With obesity, cardiovascular disease, diabetes, and the risk of contracting an infectious virus on the rise, It’s more important than ever to focus on maintaining good health. It’s no secret that adopting healthy habits can drastically reduce your risk of developing a chronic illness and help you to maintain a healthy weight.
Not sure where should you begin? In this article, I’ll get you started with 10 healthy habits that you can implement in your life RIGHT NOW, in 2022, to help improve your health.
Let’s dive right in.
1. Drink More Water
Let’s be honest. Many of us don’t drink enough water. If you are one of those people, this is probably the easiest and most important healthy habit to implement into your lifestyle.
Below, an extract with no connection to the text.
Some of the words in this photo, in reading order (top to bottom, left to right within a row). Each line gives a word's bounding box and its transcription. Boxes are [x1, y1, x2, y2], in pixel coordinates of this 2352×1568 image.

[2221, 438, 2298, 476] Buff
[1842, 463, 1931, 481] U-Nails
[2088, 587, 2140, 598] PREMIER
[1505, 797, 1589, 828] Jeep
Water is primarily important because it plays a key role in so many functions and mechanisms within the body. Aside from that fact, replacing sugary drinks with water can help you to maintain a healthy weight.
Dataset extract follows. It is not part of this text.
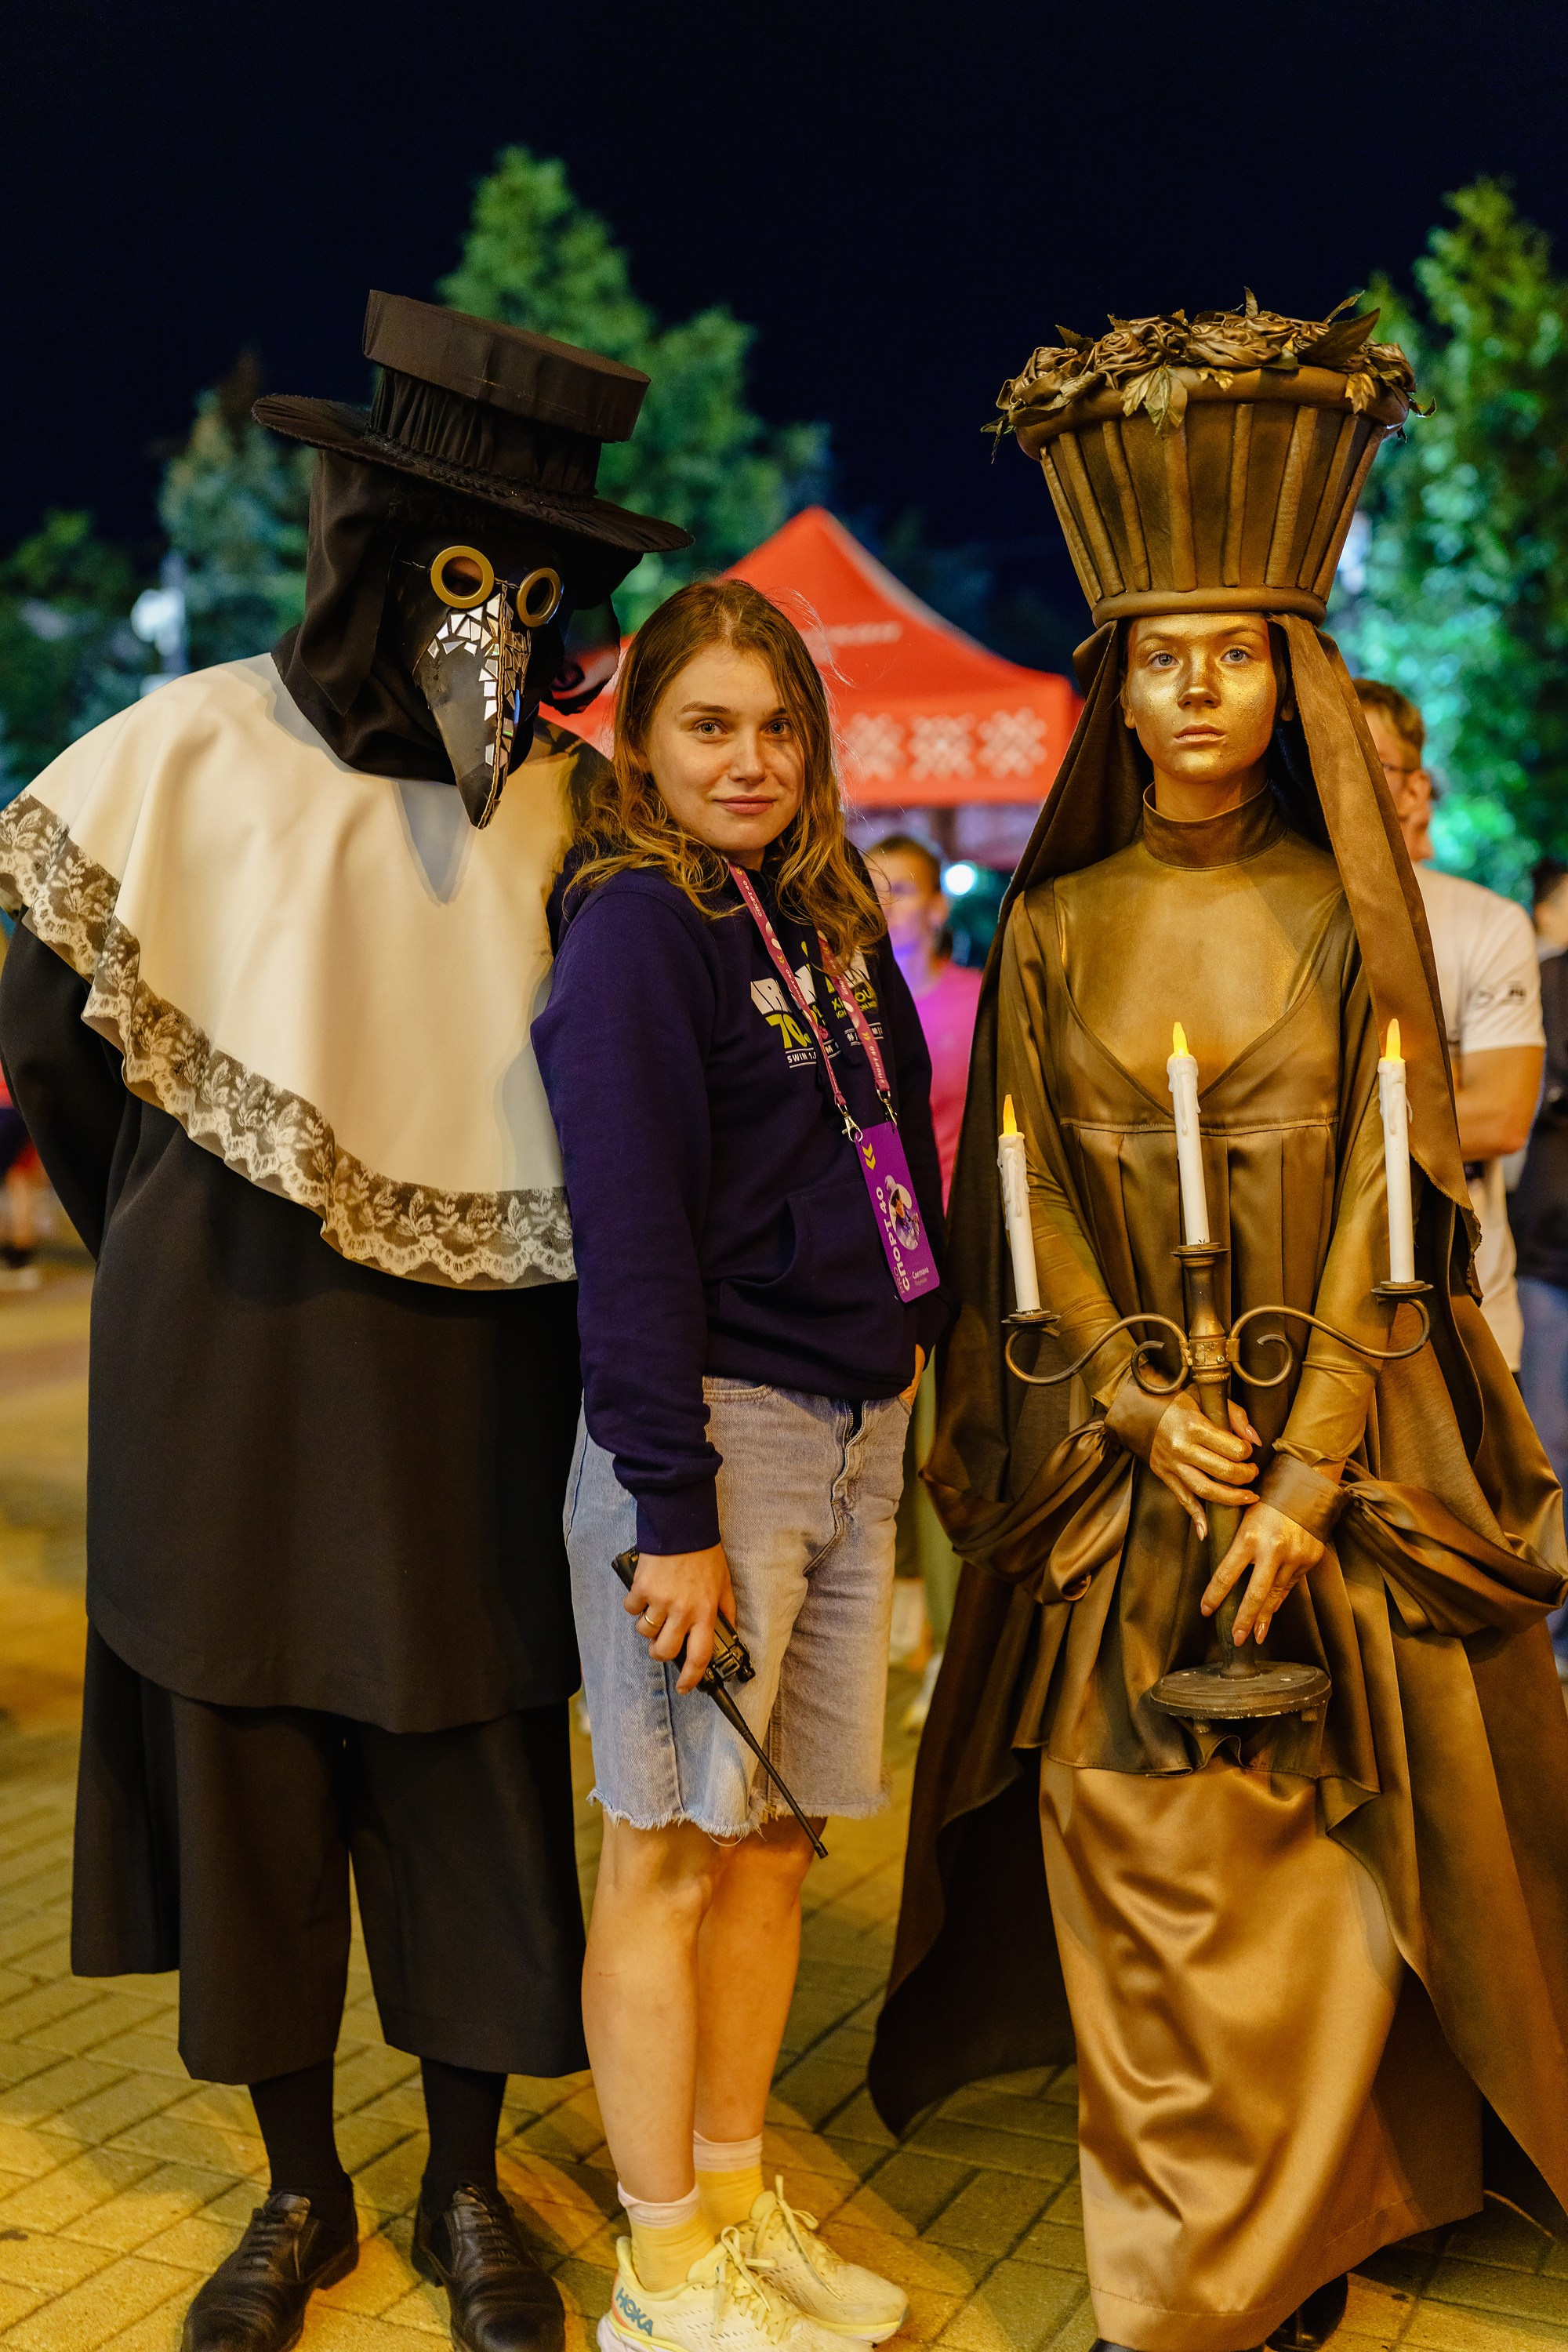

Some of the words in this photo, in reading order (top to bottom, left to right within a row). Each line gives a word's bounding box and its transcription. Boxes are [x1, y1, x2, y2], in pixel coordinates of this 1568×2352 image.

To put this in perspective, let’s look at Coca-Cola which contains around 25-30 grams of added sugar per 8 oz serving. That’s equivalent to 5-8 teaspoons of sugar in just one drink! By replacing one serving of this sugary beverage with water, you could save yourself anywhere from 80-130 calories per day.
As a general rule, you should consume approximately 11-15 cups or 3-4 liters of water per day. Eighty percent of that should come from what we drink, and the remaining twenty percent comes from food.
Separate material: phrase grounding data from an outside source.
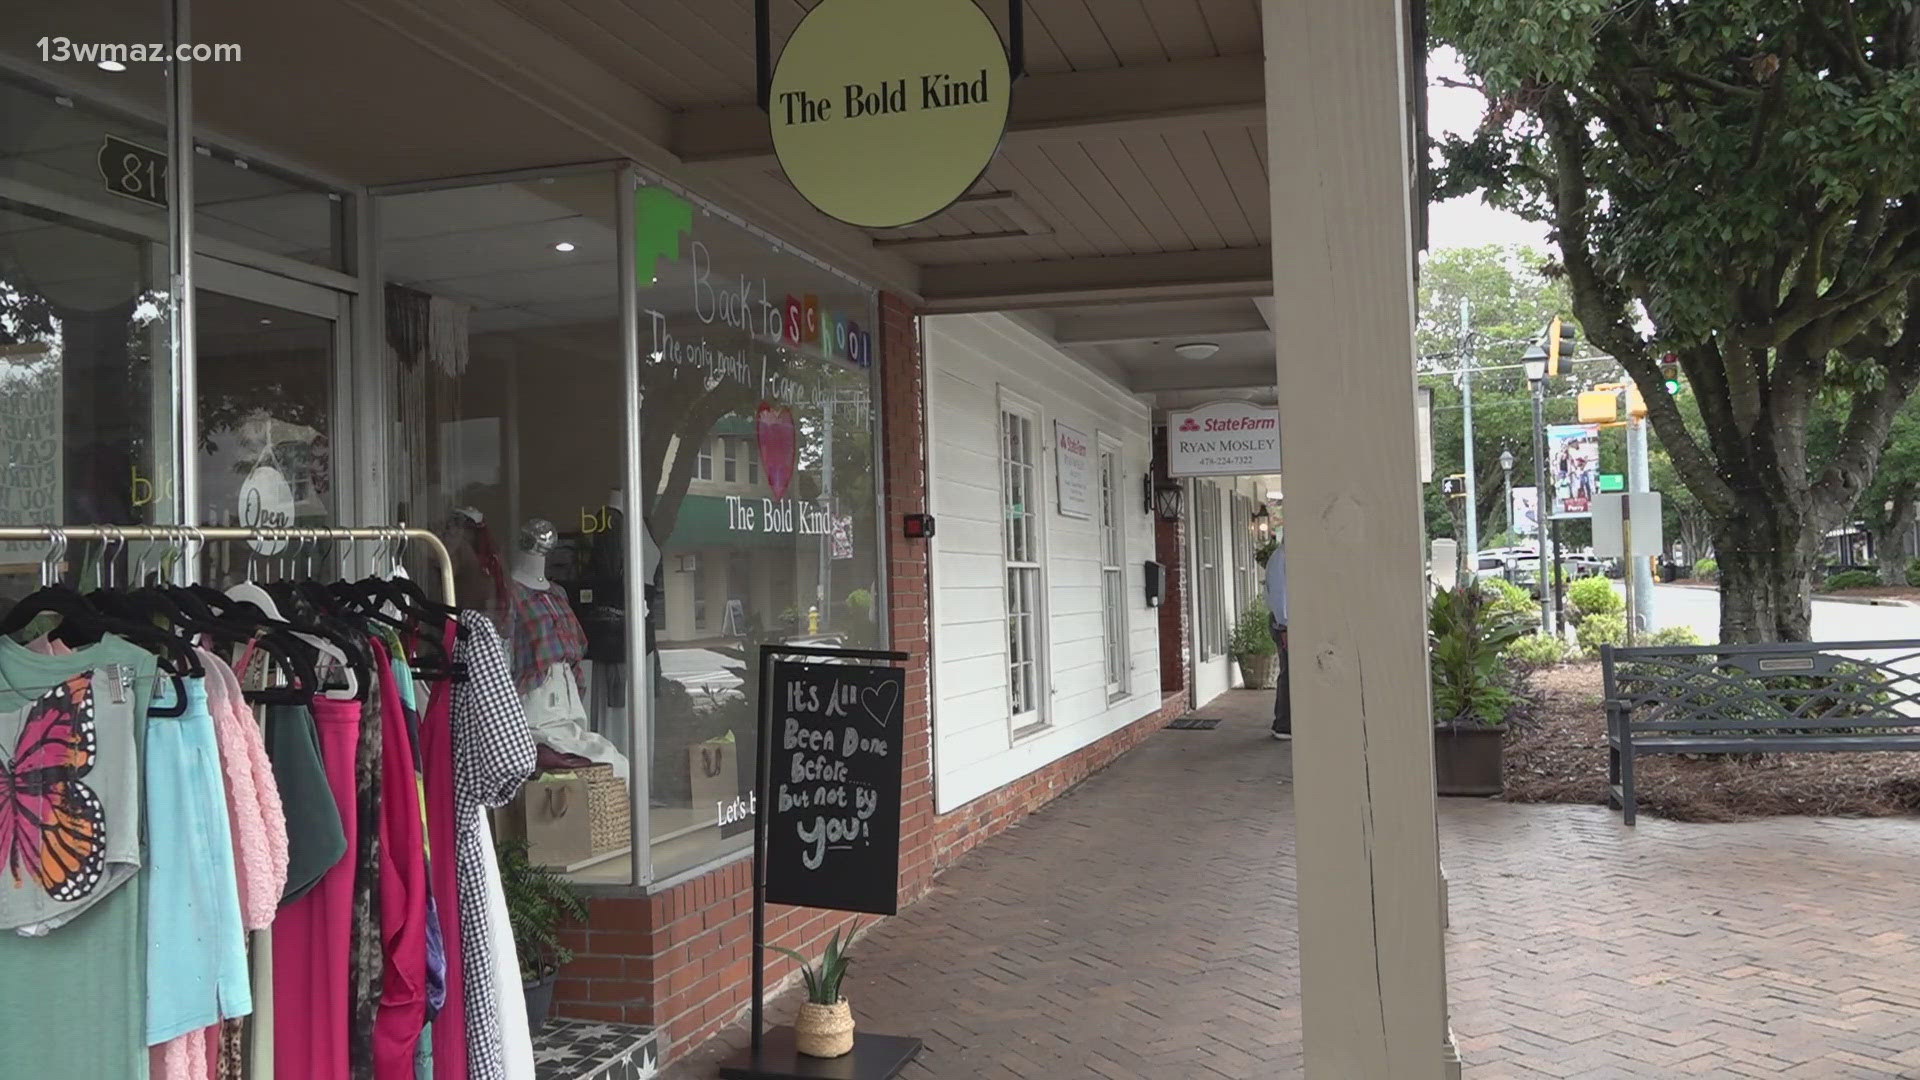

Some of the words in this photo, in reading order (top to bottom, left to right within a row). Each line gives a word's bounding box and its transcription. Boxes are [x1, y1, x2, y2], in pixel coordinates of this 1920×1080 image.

[779, 91, 832, 126] The
[843, 79, 907, 119] Bold
[920, 69, 988, 110] Kind
[691, 240, 755, 340] Back
[758, 277, 783, 343] to
[643, 308, 682, 364] The
[771, 371, 804, 405] care
[1180, 441, 1216, 453] RYAN
[1220, 439, 1275, 452] MOSLEY
[245, 487, 289, 528] Open
[726, 495, 755, 531] The
[762, 497, 793, 533] Bold
[798, 501, 831, 534] Kind
[787, 680, 820, 712] It's
[825, 678, 857, 717] All
[783, 717, 834, 751] Been
[842, 726, 888, 758] Done
[717, 796, 746, 827] Let's
[814, 786, 848, 808] not
That being said, many other factors, such as gender, activity level, and health status also play a role in how much you should drink. To ensure proper hydration, make sure you are urinating regularly and producing sufficient amounts. You can also observe the color of your urine to ensure it’s not too dark.
Be mindful that certain supplements and other conditions can cause dark-colored urine.
If you have trouble drinking enough water, try carbonated water, infusing your water with fruit, or purchasing a motivational water bottle. I’ve linked my favorite motivational water bottle below.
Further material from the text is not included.